**** MATERIAL FOR THIS TASK

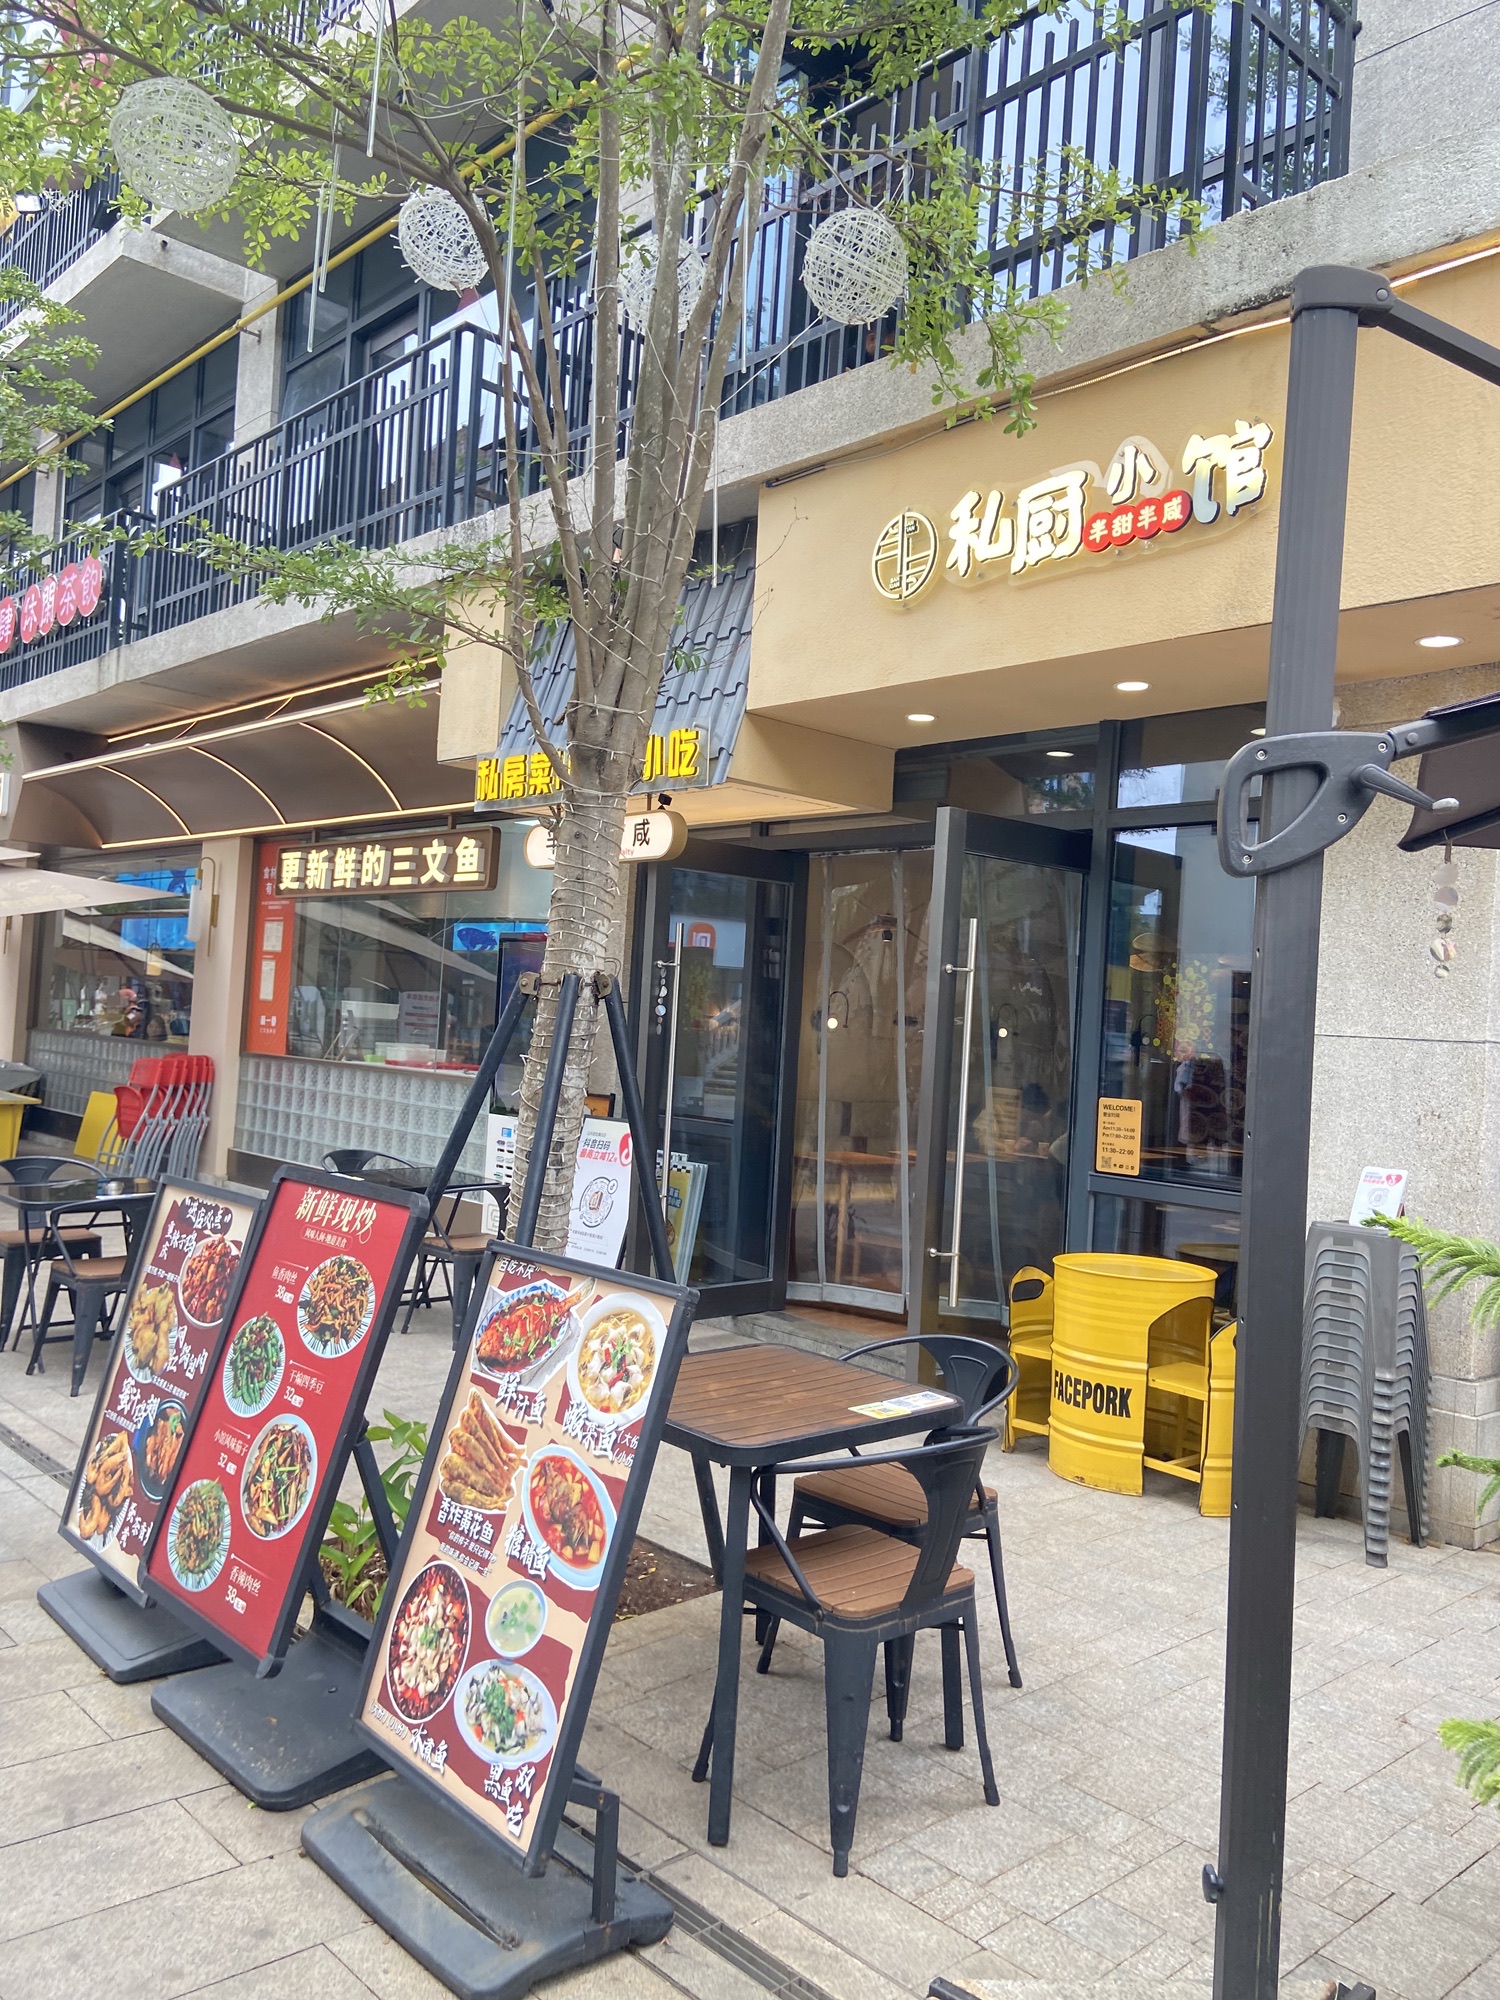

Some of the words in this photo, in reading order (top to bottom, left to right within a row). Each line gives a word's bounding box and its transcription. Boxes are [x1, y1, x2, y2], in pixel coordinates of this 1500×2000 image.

[945, 418, 1275, 577] 私厨小馆
[1087, 494, 1186, 543] 半甜半咸
[643, 728, 701, 782] 小吃
[279, 836, 486, 890] 更新鲜的三文鱼
[1102, 1104, 1136, 1113] WELCOME!
[582, 1138, 612, 1151] 抖音扫码
[295, 1186, 377, 1237] 新鲜现炒
[271, 1265, 298, 1286] 鱼香肉丝
[275, 1285, 285, 1301] 38
[283, 1385, 295, 1401] 32
[1053, 1369, 1133, 1418] FACEPORK
[562, 1400, 618, 1462] 酸菜鱼
[217, 1452, 229, 1468] 32
[437, 1497, 495, 1545] 香炸黄花鱼
[225, 1585, 238, 1604] 38
[229, 1565, 262, 1597] 香辣肉丝
[410, 1723, 448, 1774] 水煮鱼
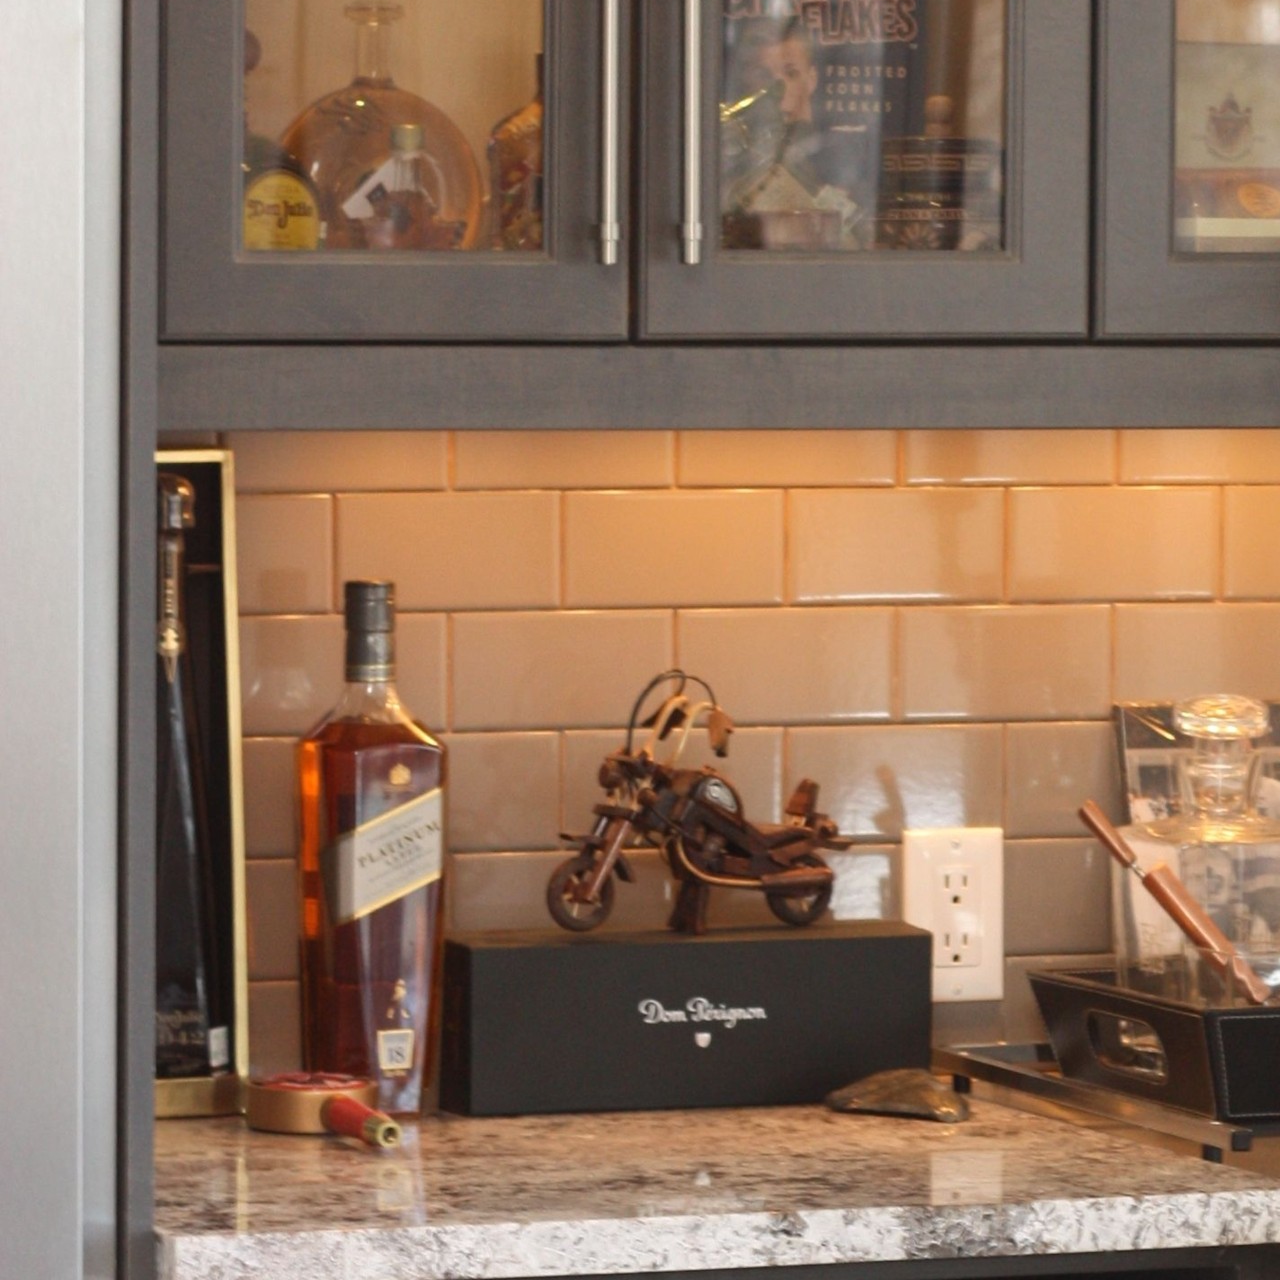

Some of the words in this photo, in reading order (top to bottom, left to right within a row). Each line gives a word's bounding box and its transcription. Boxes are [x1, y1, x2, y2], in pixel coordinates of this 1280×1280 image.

[826, 66, 907, 79] FROSTED
[826, 83, 874, 95] CORN
[826, 100, 892, 113] FLAKES
[638, 998, 688, 1024] Dom
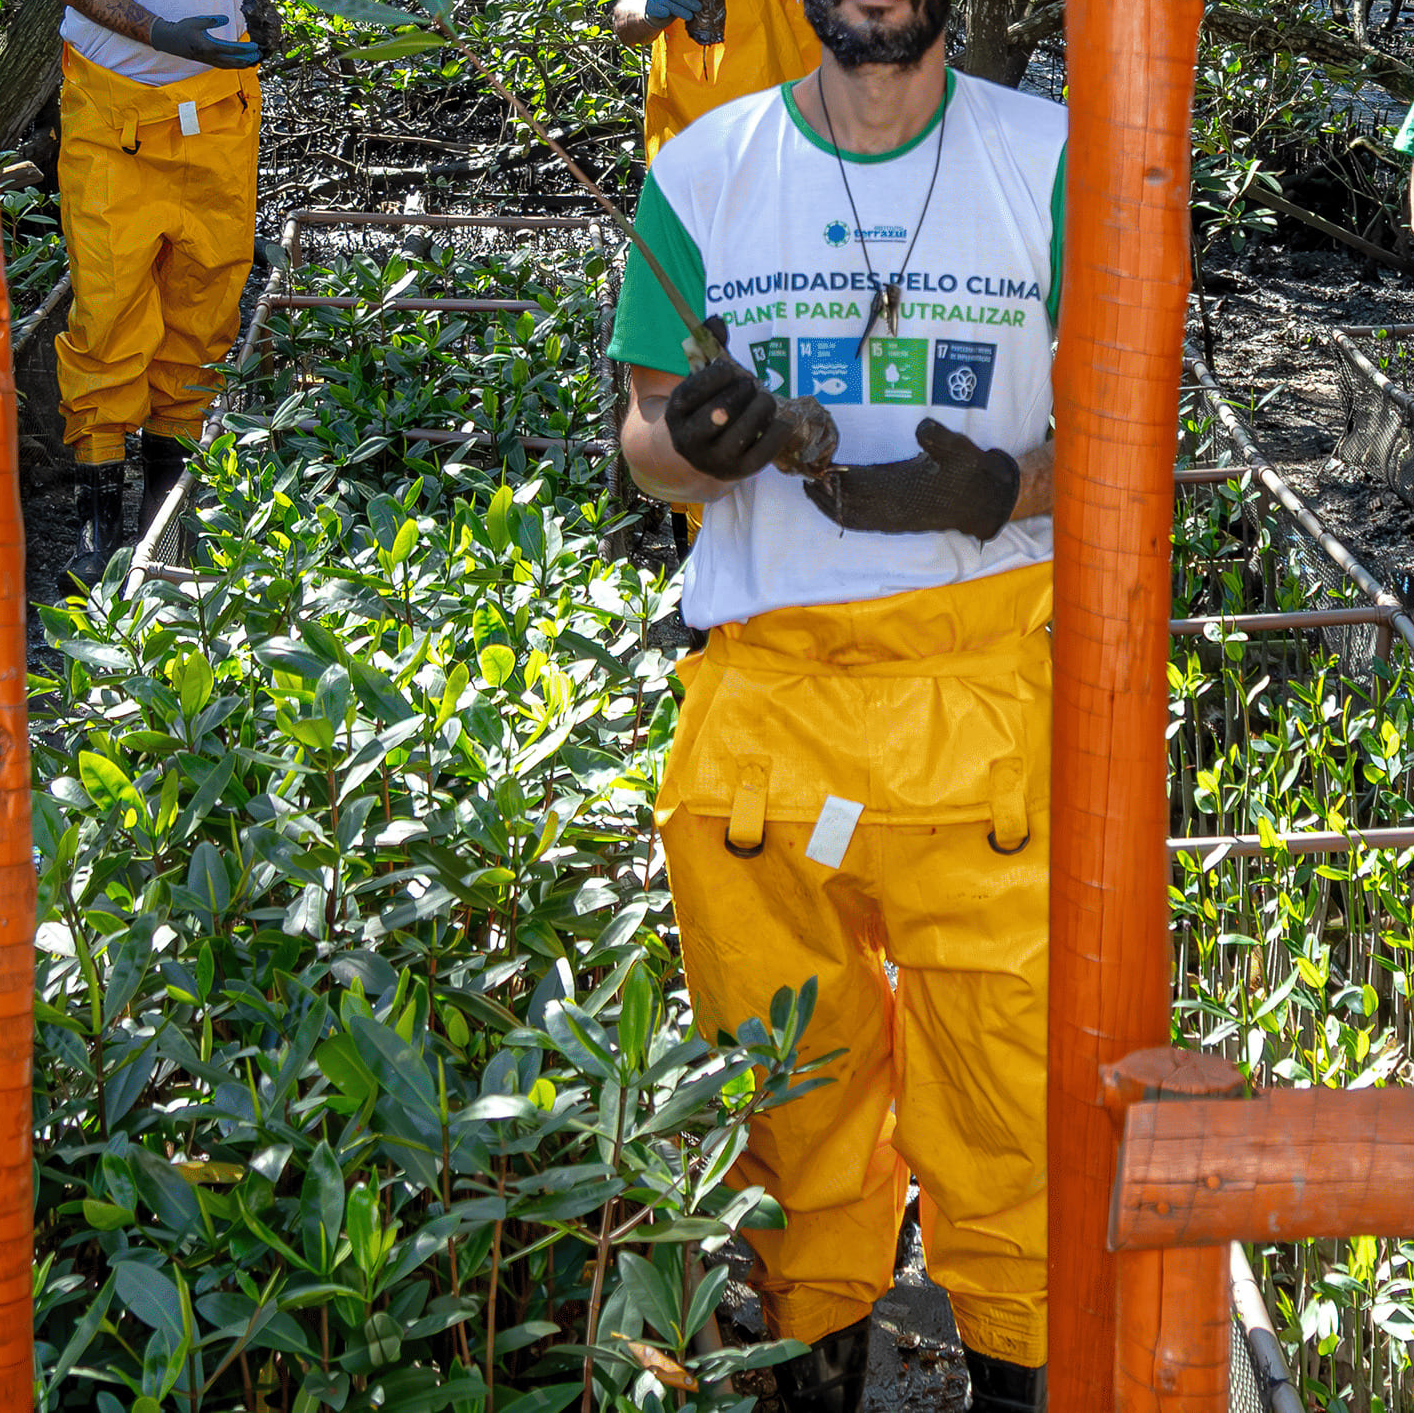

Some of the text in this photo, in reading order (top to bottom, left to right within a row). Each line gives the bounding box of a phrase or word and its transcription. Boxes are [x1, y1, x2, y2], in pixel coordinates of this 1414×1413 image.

********

> _WHAT IS NEEDED_
The records above must be echoed exactly, minus their pictures.

> _EXERCISE ANSWER_
Some of the words in this photo, in reading order (top to bottom, left to right within a row). Each line gives a word's bounding box and its transcription. Boxes are [x1, y1, x2, y2], in pixel coordinates of this 1500×2000 image.

[945, 418, 1275, 577] 私厨小馆
[1087, 494, 1186, 543] 半甜半咸
[643, 728, 701, 782] 小吃
[279, 836, 486, 890] 更新鲜的三文鱼
[1102, 1104, 1136, 1113] WELCOME!
[582, 1138, 612, 1151] 抖音扫码
[295, 1186, 377, 1237] 新鲜现炒
[271, 1265, 298, 1286] 鱼香肉丝
[275, 1285, 285, 1301] 38
[283, 1385, 295, 1401] 32
[1053, 1369, 1133, 1418] FACEPORK
[562, 1400, 618, 1462] 酸菜鱼
[217, 1452, 229, 1468] 32
[437, 1497, 495, 1545] 香炸黄花鱼
[225, 1585, 238, 1604] 38
[229, 1565, 262, 1597] 香辣肉丝
[410, 1723, 448, 1774] 水煮鱼

Some of the words in this photo, in reading order (top to bottom, left to right within a row). Each line gives a word's bounding box and its transcription. Boxes are [x1, y1, x2, y2], in pixel coordinates of this 1280×1280 image.

[826, 66, 907, 79] FROSTED
[826, 83, 874, 95] CORN
[826, 100, 892, 113] FLAKES
[638, 998, 688, 1024] Dom

Some of the text in this photo, in reading order (top to bottom, left to right within a row). Each line gives the bounding box of a phrase or word and its transcription. Boxes are [x1, y1, x2, y2], in pixel coordinates of this 1414×1413 image.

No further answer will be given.